◆ **WHAT IS BEING ASKED**: Reproduce, word for word, all of the records; the pictures stay out.

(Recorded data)
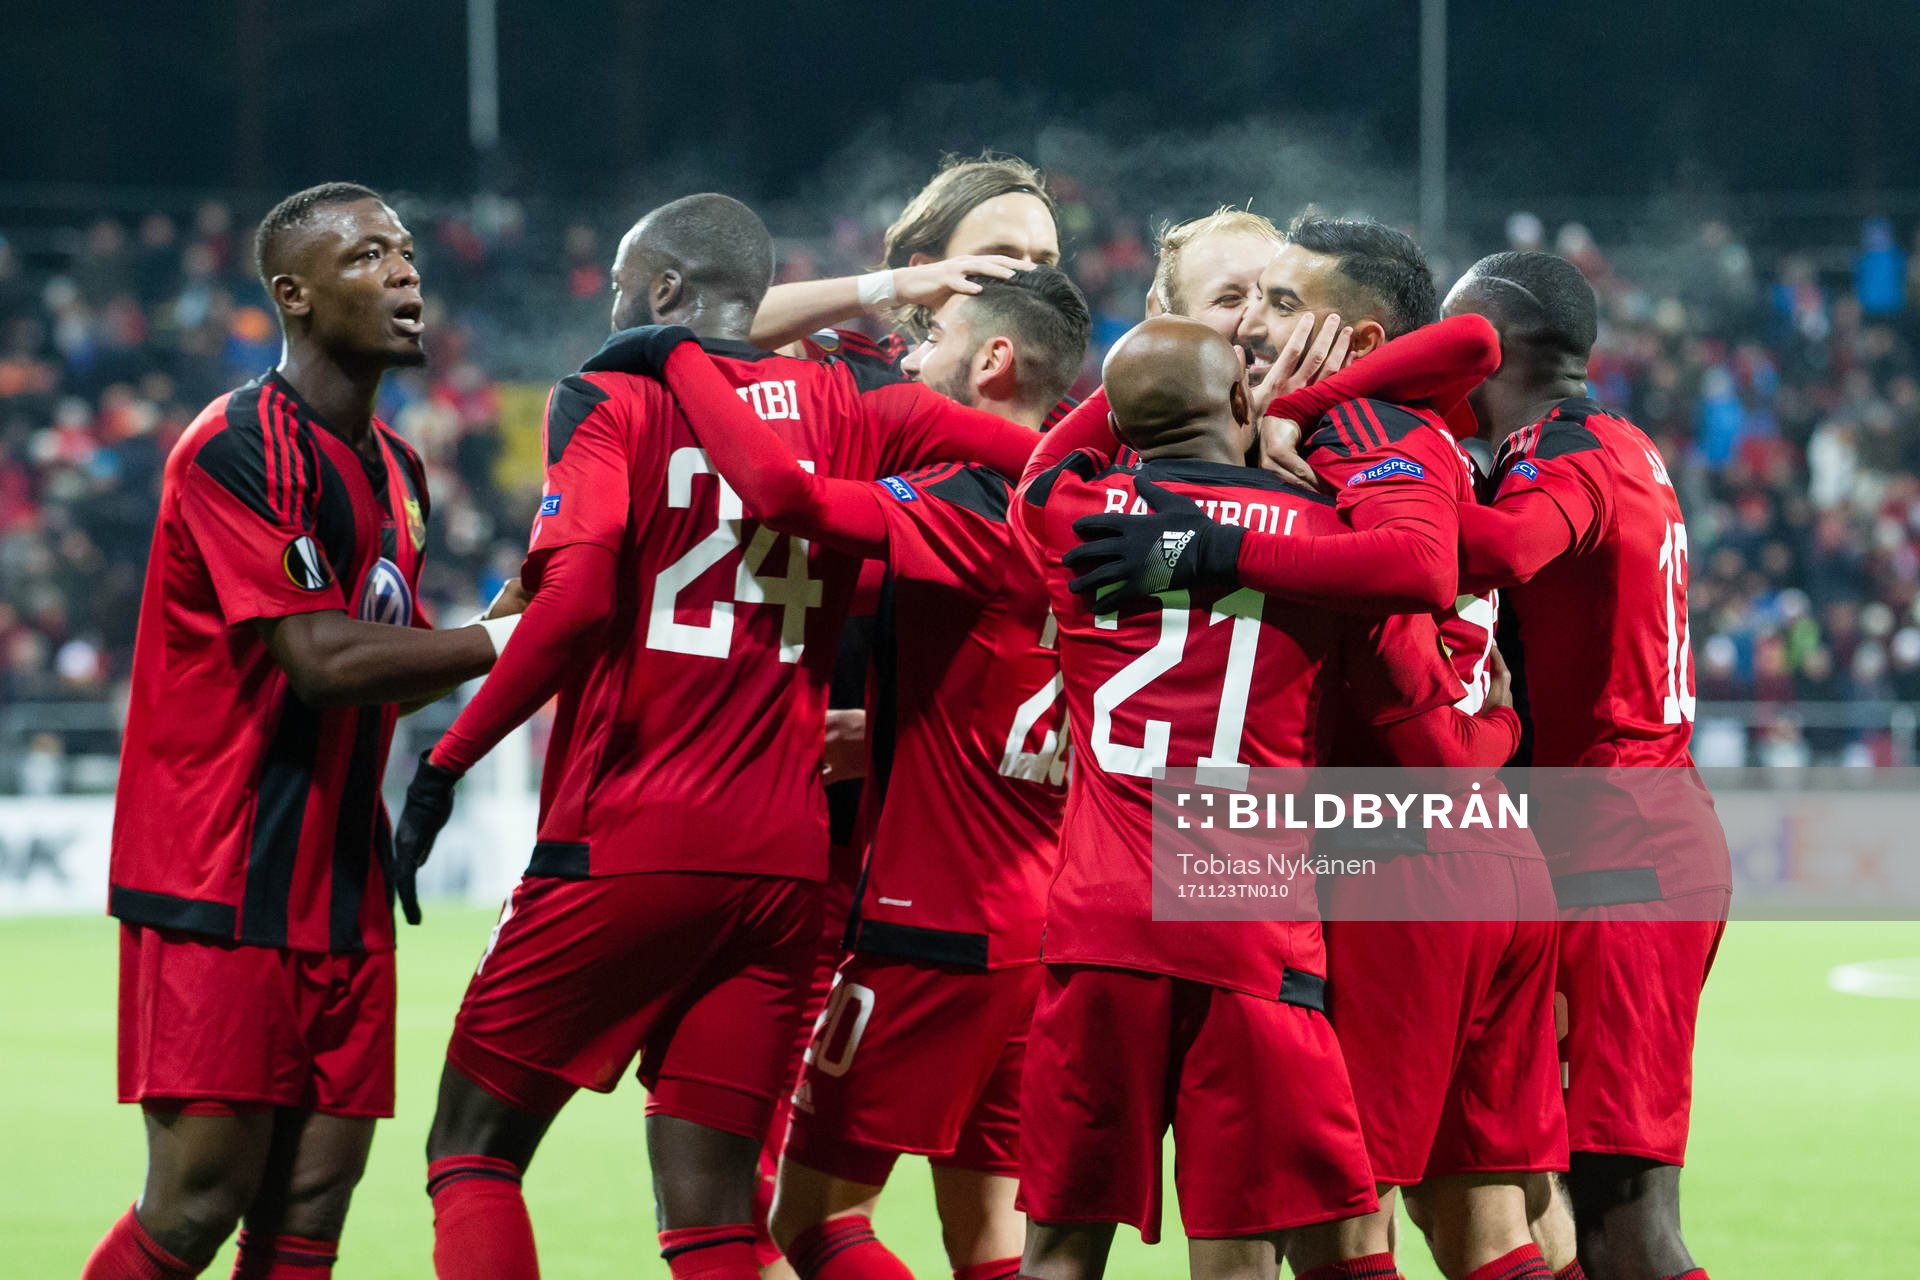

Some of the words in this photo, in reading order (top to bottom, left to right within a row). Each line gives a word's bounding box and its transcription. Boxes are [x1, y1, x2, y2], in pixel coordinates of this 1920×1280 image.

[1368, 461, 1423, 479] RESPECT
[645, 446, 823, 663] 24
[1168, 529, 1196, 568] adidas
[1090, 587, 1265, 792] 21

◆ **SOLUTION TO THIS PROBLEM**:
Some of the words in this photo, in reading order (top to bottom, left to right within a row). Each line gives a word's bounding box and its transcription. Boxes are [x1, y1, x2, y2], in pixel coordinates of this 1920×1280 image.

[1368, 461, 1423, 479] RESPECT
[645, 446, 823, 663] 24
[1168, 529, 1196, 568] adidas
[1090, 587, 1265, 792] 21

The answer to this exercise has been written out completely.